Monsieur le président, madame la secrétaire d'État, monsieur le rapporteur, mes chers collègues, l'objet du projet de loi qui nous est soumis est majeur en démocratie, mais le domaine dont il traite est particulièrement complexe et difficile. Nous devons en effet tenter de trouver un juste équilibre entre la liberté de la personne et la nécessaire protection d'elle-même, de ses proches, des soignants et de la société, tout en sachant que le risque zéro n'existe pas. Peut-on la laisser sortir avec un risque calculé dans le cadre d'un projet de soins ?
De plus, tout en en ayant conscience, il convient de s'abstraire des faits divers et d'éviter de légiférer sous le coup de l'émotion.

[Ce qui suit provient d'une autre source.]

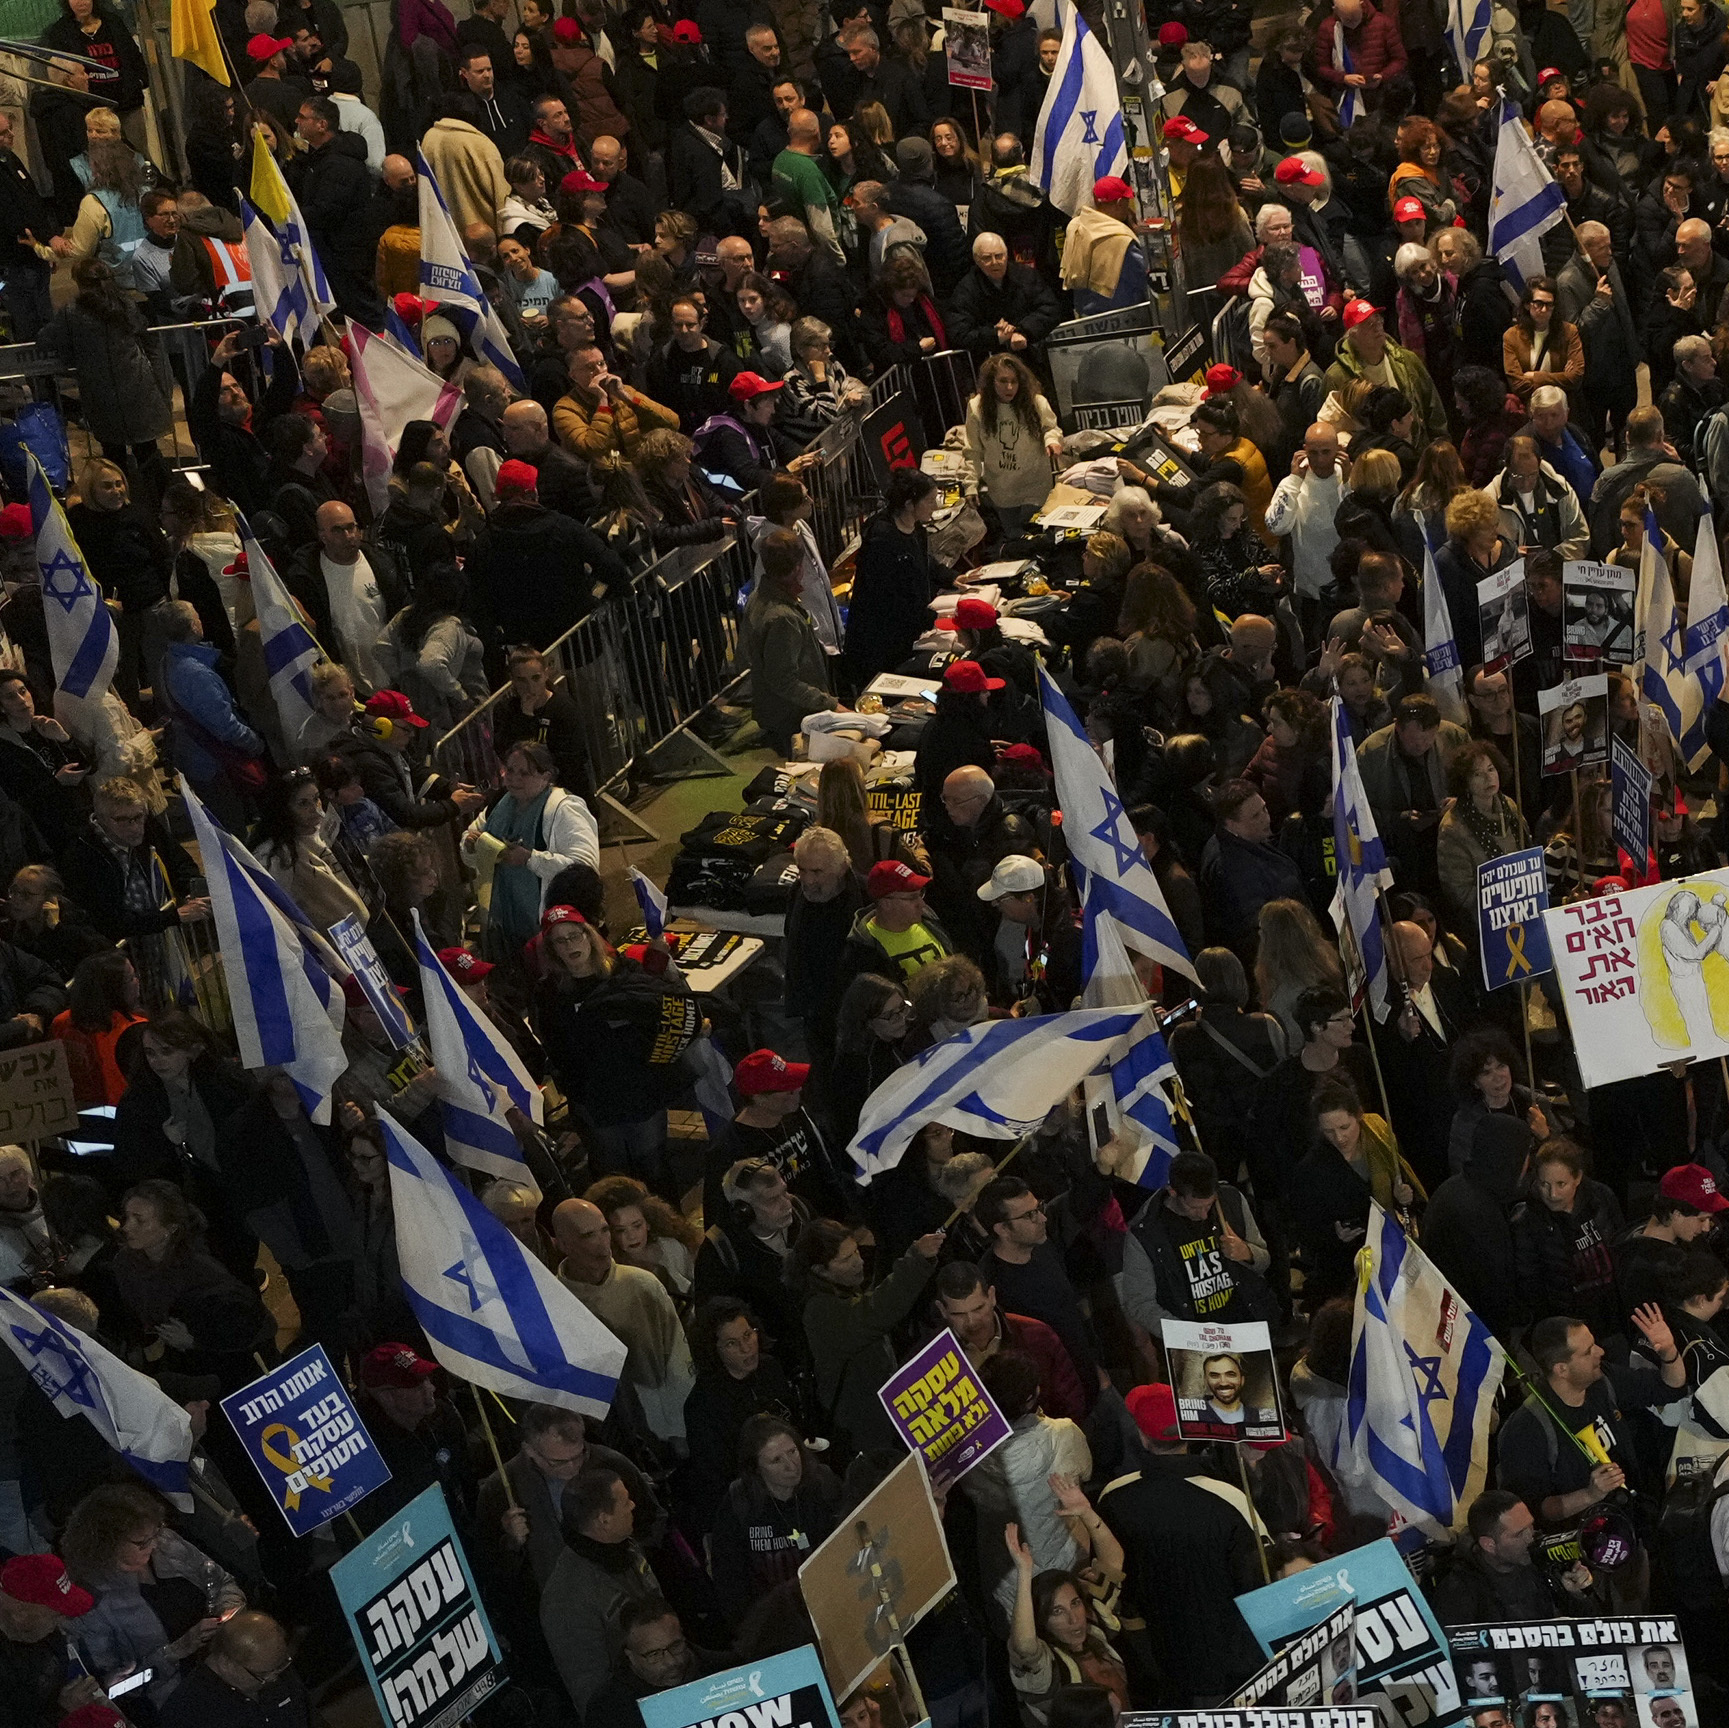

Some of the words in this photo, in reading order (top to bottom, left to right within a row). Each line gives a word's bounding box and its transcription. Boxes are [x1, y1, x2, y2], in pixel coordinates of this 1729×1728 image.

La loi du 27 juin 1990 aurait dû être réformée depuis longtemps. Il était d'ailleurs prévu qu'elle le soit dans les cinq ans, c'est-à-dire en 1995. Nous en sommes bien loin.
Le présent projet de loi prend en compte la décision du Conseil Constitutionnel du 26 novembre 2010 et la jurisprudence de la Cour européenne des droits de l'homme.
L'article 66 de la Constitution exige que toute privation de liberté soit placée sous le contrôle de l'autorité judiciaire, gardienne de la liberté individuelle, afin d'éviter les décisions arbitraires liées à des intérêts personnels ou politiques, ce qui n'est pas encore le cas dans notre pays mais qui existe dans des pays voisins.
Le Conseil Constitutionnel a estimé que cette hospitalisation sous contrainte ne pouvait être prolongée au-delà de quinze jours sans l'intervention d'un juge. C'est une bonne nouvelle au regard à la fois des libertés individuelles et des normes européennes. Mais, comme nous le verrons, son application sera difficile.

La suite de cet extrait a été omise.